Supplied material Block Start

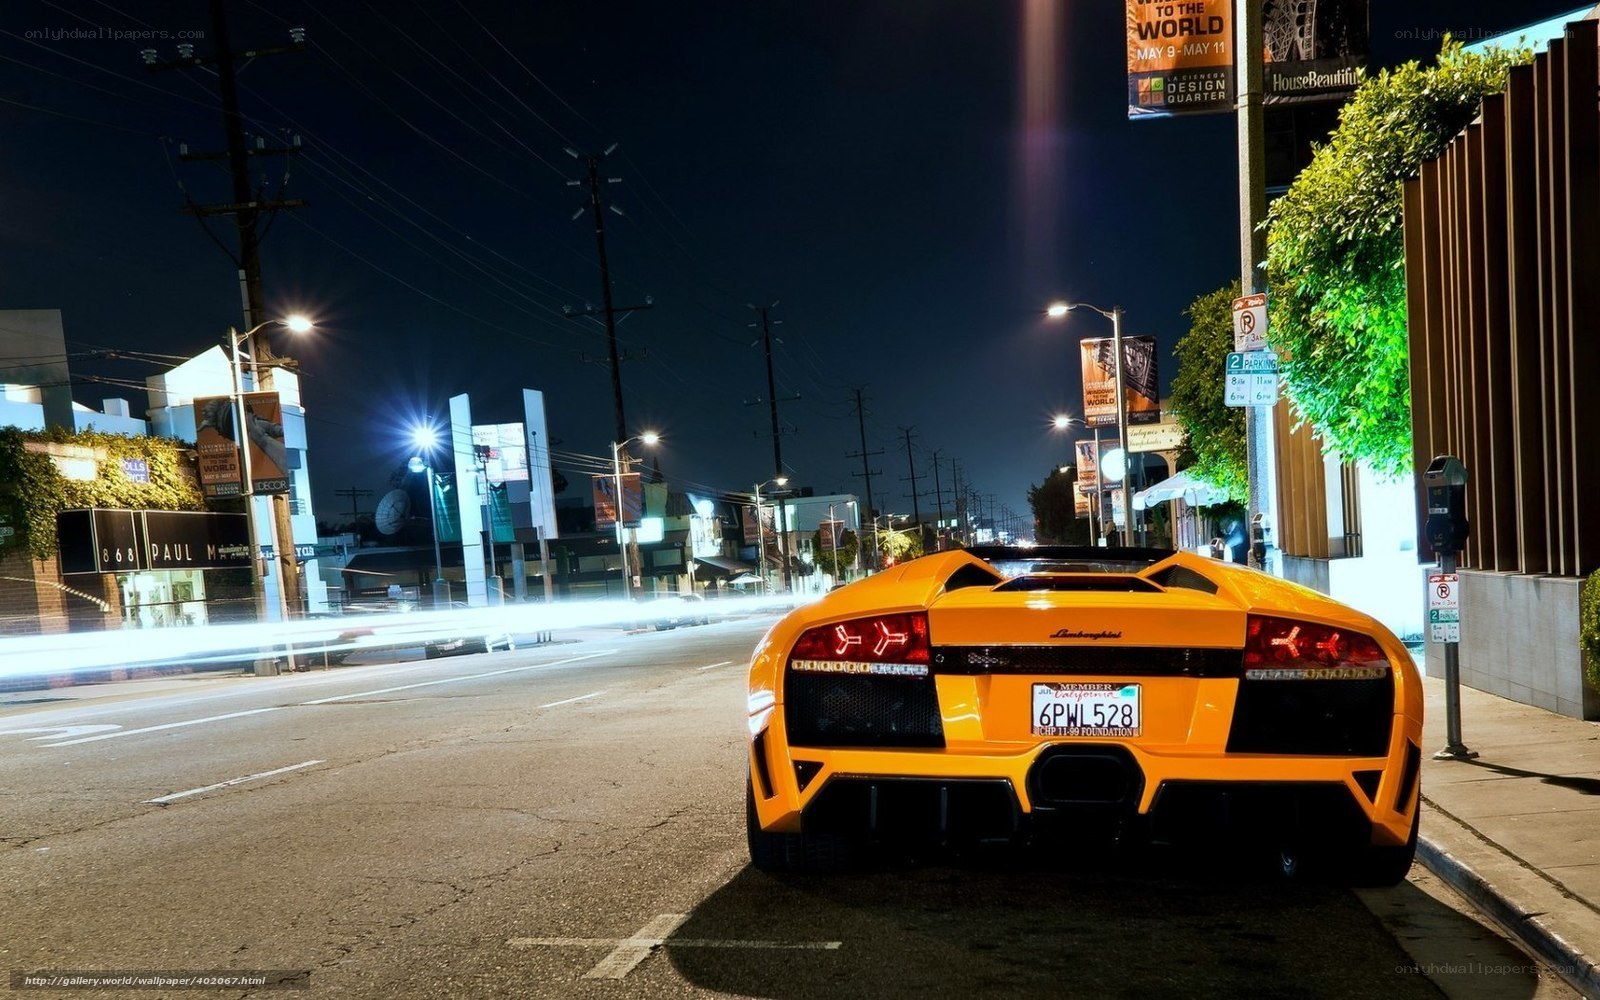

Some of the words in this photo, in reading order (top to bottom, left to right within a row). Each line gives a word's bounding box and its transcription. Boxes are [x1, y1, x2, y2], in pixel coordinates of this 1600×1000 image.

[1156, 6, 1173, 17] TO
[1178, 3, 1204, 14] THE
[1137, 16, 1223, 40] WORLD
[1137, 47, 1163, 60] MAY
[1183, 43, 1209, 56] MAY
[1213, 41, 1225, 53] 11
[1182, 73, 1225, 81] CIENEGA
[1167, 80, 1226, 93] DESIGN
[1167, 91, 1226, 103] QUARTER
[1231, 355, 1240, 368] 2
[1244, 359, 1276, 369] PARKING
[1087, 398, 1115, 406] WORLD
[124, 461, 146, 472] OLLS
[203, 464, 236, 472] WORLD
[257, 480, 287, 491] DECOR
[151, 543, 193, 561] PAUL
[1431, 610, 1438, 620] 2
[1049, 629, 1122, 640] Lamborghini
[1039, 703, 1133, 728] 6PWL528
[1040, 727, 1057, 736] CHP
[1059, 727, 1080, 736] 11-99
[1082, 727, 1134, 736] FOUNDATION

Supplied material Block End

■ Task description ■
Reproduce all the data as it stands. The pictures are not part of the copy.

■ Answer to this task ■
Some of the words in this photo, in reading order (top to bottom, left to right within a row). Each line gives a word's bounding box and its transcription. Boxes are [x1, y1, x2, y2], in pixel coordinates of this 1600×1000 image.

[1156, 6, 1173, 17] TO
[1178, 3, 1204, 14] THE
[1137, 16, 1223, 40] WORLD
[1137, 47, 1163, 60] MAY
[1183, 43, 1209, 56] MAY
[1213, 41, 1225, 53] 11
[1182, 73, 1225, 81] CIENEGA
[1167, 80, 1226, 93] DESIGN
[1167, 91, 1226, 103] QUARTER
[1231, 355, 1240, 368] 2
[1244, 359, 1276, 369] PARKING
[1087, 398, 1115, 406] WORLD
[124, 461, 146, 472] OLLS
[203, 464, 236, 472] WORLD
[257, 480, 287, 491] DECOR
[151, 543, 193, 561] PAUL
[1431, 610, 1438, 620] 2
[1049, 629, 1122, 640] Lamborghini
[1039, 703, 1133, 728] 6PWL528
[1040, 727, 1057, 736] CHP
[1059, 727, 1080, 736] 11-99
[1082, 727, 1134, 736] FOUNDATION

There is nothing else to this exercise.